Je n’ai pas encore reçu tes lettres, et lorsque je les recevrai, le courrier sera reparti. D’ailleurs, à présent, il ne me sera plus possible de répondre à tes lettres, du moins courrier par courrier, les missives devant être données quatre jours avant le départ du steamer. Ceci t’expliquera mon laconisme…

J’espère que tante t’aura donné des nouvelles de Julien. Ah oui, un non : « Qu’esaco ! » a dû penser Lisa[4]. Santé satisfaisante. Ton affectionné,

Alexandre

5 février 1915

Îles du Salut

Ma chère maman,

J’espère que, à cette minute, tu auras quitté Marseille et oublié les rancœurs que ton âme trop franche ne sait pas dédaigner. Encore un coup, je me demande un peu pourquoi tu vas piquer du front contre de tels préjugés. Eh, laisse-les donc à leurs mesquineries ces pauvres gens à l’esprit plus indigent encore. Va de l’avant, à une bonne allure, en pleine confiance, grand large, indifférente à tout ce qui n’est pas ton but, ta joie, ton bonheur. À quoi bon l’amertume, le mécontentement sinon à empoisonner notre existence ? En avons-nous assez distillé, l’un et l’autre, du pessimisme. Broyer du noir, c’est ce que, comme toi, j’ai souvent fait. Comme résultat, c’est plutôt pitoyable : il s’en est fallu de si peu que je sombrasse sur cet écueil. Je l’ai surmonté. Fais de même. D’ailleurs, à Paris, rebaignée en des eaux plus profondes, plus claires, tu ne tarderas pas, j’espère, à te nettoyer le cœur de toutes ces basses et provinciales sottises. Il me tarde de te savoir un peu plus satisfaite de tes relations amicales et reposée de tous ces petits ennuis. À te dire vrai, ce sont là des choses que j’avais prévues, mais que je ne croyais pas que tu prendrais au sérieux. Et puis je pensais que ce déplacement t’offrirait quelques distractions, sans parler de la satisfaction nostalgique qui, peut-être était très atténuée chez toi, car, à part le souvenir des disparus, après douze ans de séjour à Paris, les choses et les êtres ne durent que médiocrement t’intéresser. Je fais exception, cela va de soi, du cousin Alexis. Somme toute, malgré tes déceptions, ou, pour mieux dire, à cause même de ces déceptions, ce voyage t’aura été salutaire. Il est bon, de temps à autre, de nous frotter à nos antipodes. Cela nous fait voir clair, nous dérouille.

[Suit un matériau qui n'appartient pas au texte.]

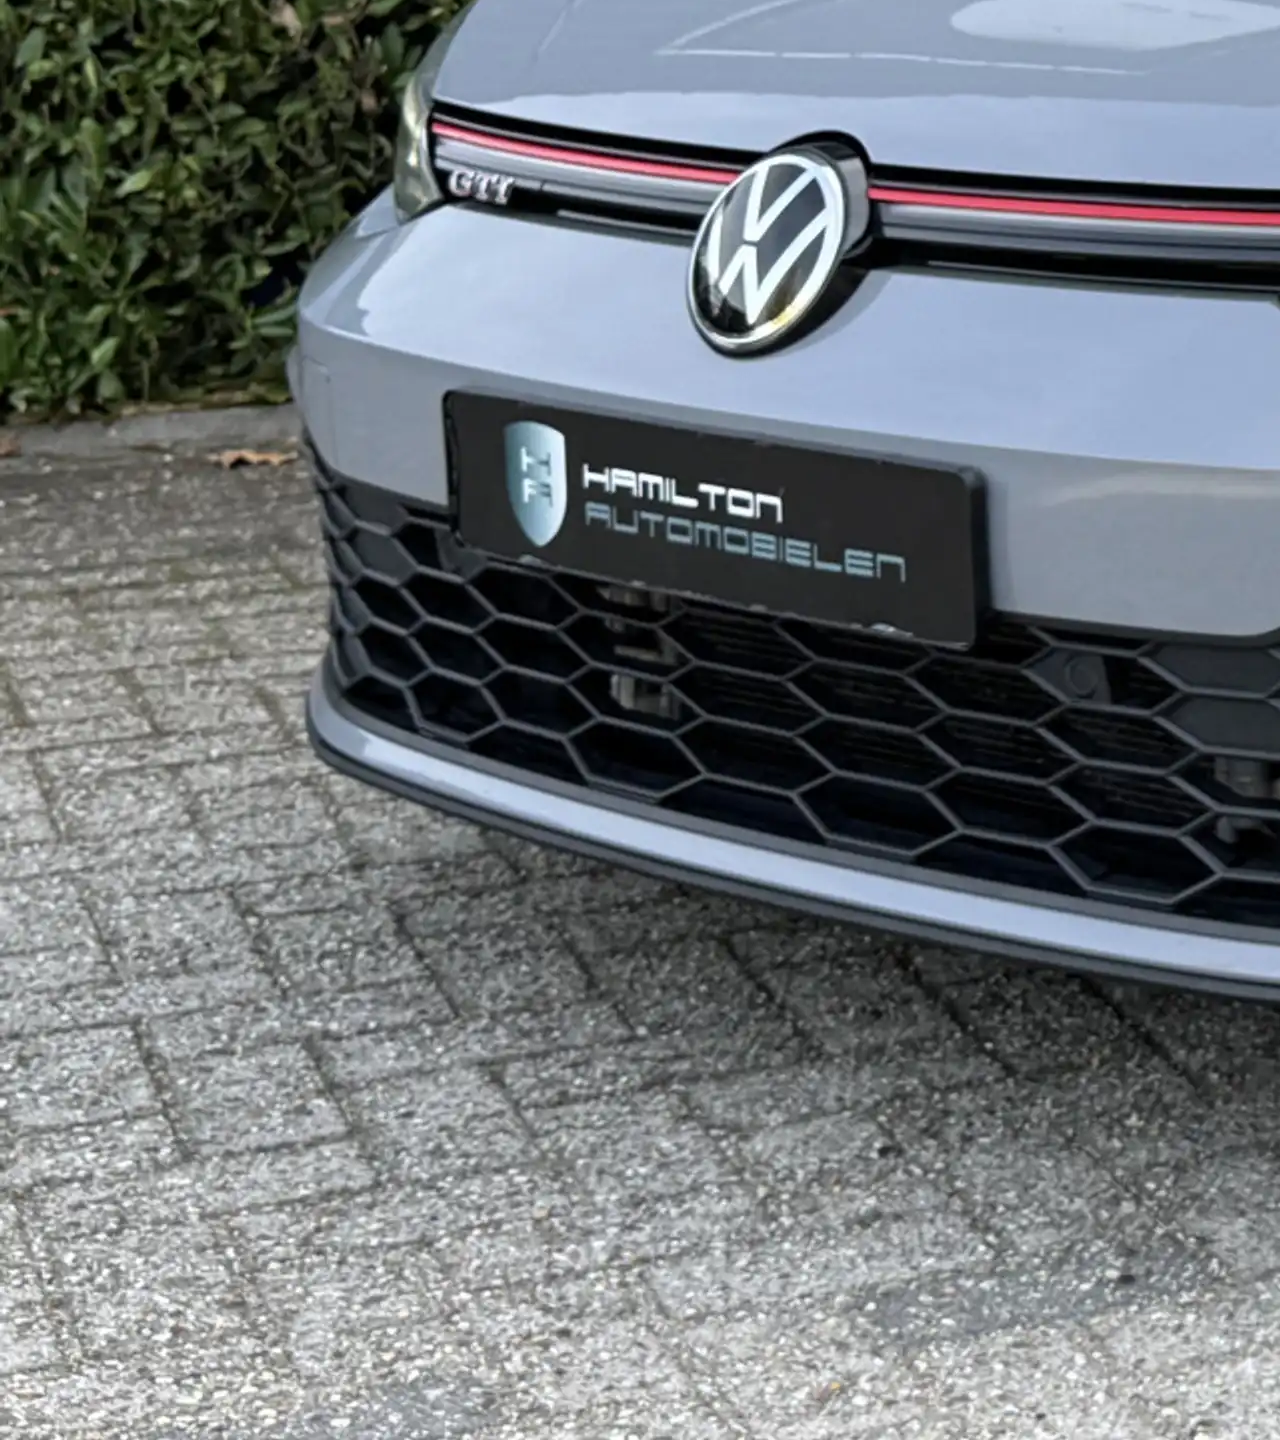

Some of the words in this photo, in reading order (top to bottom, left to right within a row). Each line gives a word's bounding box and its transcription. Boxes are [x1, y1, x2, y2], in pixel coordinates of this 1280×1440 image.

[449, 167, 515, 206] GTI
[582, 462, 783, 523] HAMILTON
[585, 501, 906, 583] AUTOMOBIELEN

Une chose m’inquiète. Ainsi, ton temporaire changement de résidence n’aura-t-il pas préjudicié à l’allocation de ta pension. Par ces temps agités, tu sais, les règles, en matière de finance, sont plus ou moins observées, plutôt moins. Quoi qu’en disent les papiers publics, qui, après tout, ne relatent que ce qui doit être cru, cette guerre n’est pas près d’être terminée. Pour cette année, passe encore ; mais l’an prochain et les suivants, il faut s’attendre à une excessive cherté des vivres, donc, à une grande misère. Comment vas-tu te débrouiller dans cette crise ? Certes, tu comptes et tu peux compter sur Julien. C’est un brave cœur dont le secours ne te fera jamais défaut. Mais, comme tu me l’as annoncé en ta dernière, devant aller au feu sous peu (peut-être y est-il déjà) s’il est dans les choses possibles qu’il puisse en revenir, il ne l’est pas moins qu’il y peut rester. Toute question de métaphysique sociale à part, je ne blâme pas sa décision. Au contraire. Malgré qu’il ait charge d’âmes, et même en raison de cela, il a fort bien fait de s’engager. Vigoureux, robuste, courageux, très combatif, qui voudrais-tu qui allasse au front, si, à l’instar des culs-de-jatte et des poltrons qui paisiblement se résignent, il faisait comme eux ? Cela, bien entendu, ne m’empêche pas de concevoir tes craintes, que je partage, d’ailleurs, mais sans toutefois les exagérer. Il faut avoir le dédain de la mort et, comme Sénèque, se dire : « Si je voyais le monde embrasé d’un incendie universel, je songerais que, dans cette ruine immense, je n’ai rien à perdre. » C’est te dire que, quoi que la fatalité de la guerre réserve à Julien, il ne faut pas te désespérer. Lui mort, s’il meurt, et ce n’est là qu’une présomption, je te resterai toujours. Mais, laissons là ces conjectures réalistes, mais tristes. Parlons un peu du présent, d’un tout récent passé pour mieux dire. D’après ce que tu m’as appris il y a deux ou trois mois, confiant en Gérod, Julien l’avait recommandé à Élisa. Dès que je sus la chose, je m’empressai de te conseiller de lui dire d’être très réservée, de ne pas donner suite à la demande de Julien. Tu as dû le voir, les événements ont confirmé mes soupçons. C’est un fourbe qu’il ne faut pas ménager dans le cas où, averties trop tard, il vous aurait trompées[5]. Du reste, je compte recevoir de toi, très prochainement, de plus fraîches nouvelles au sujet de cette affaire. Et, selon le cas, je vous conseillerai. Santé satisfaisante. Même régime disciplinaire.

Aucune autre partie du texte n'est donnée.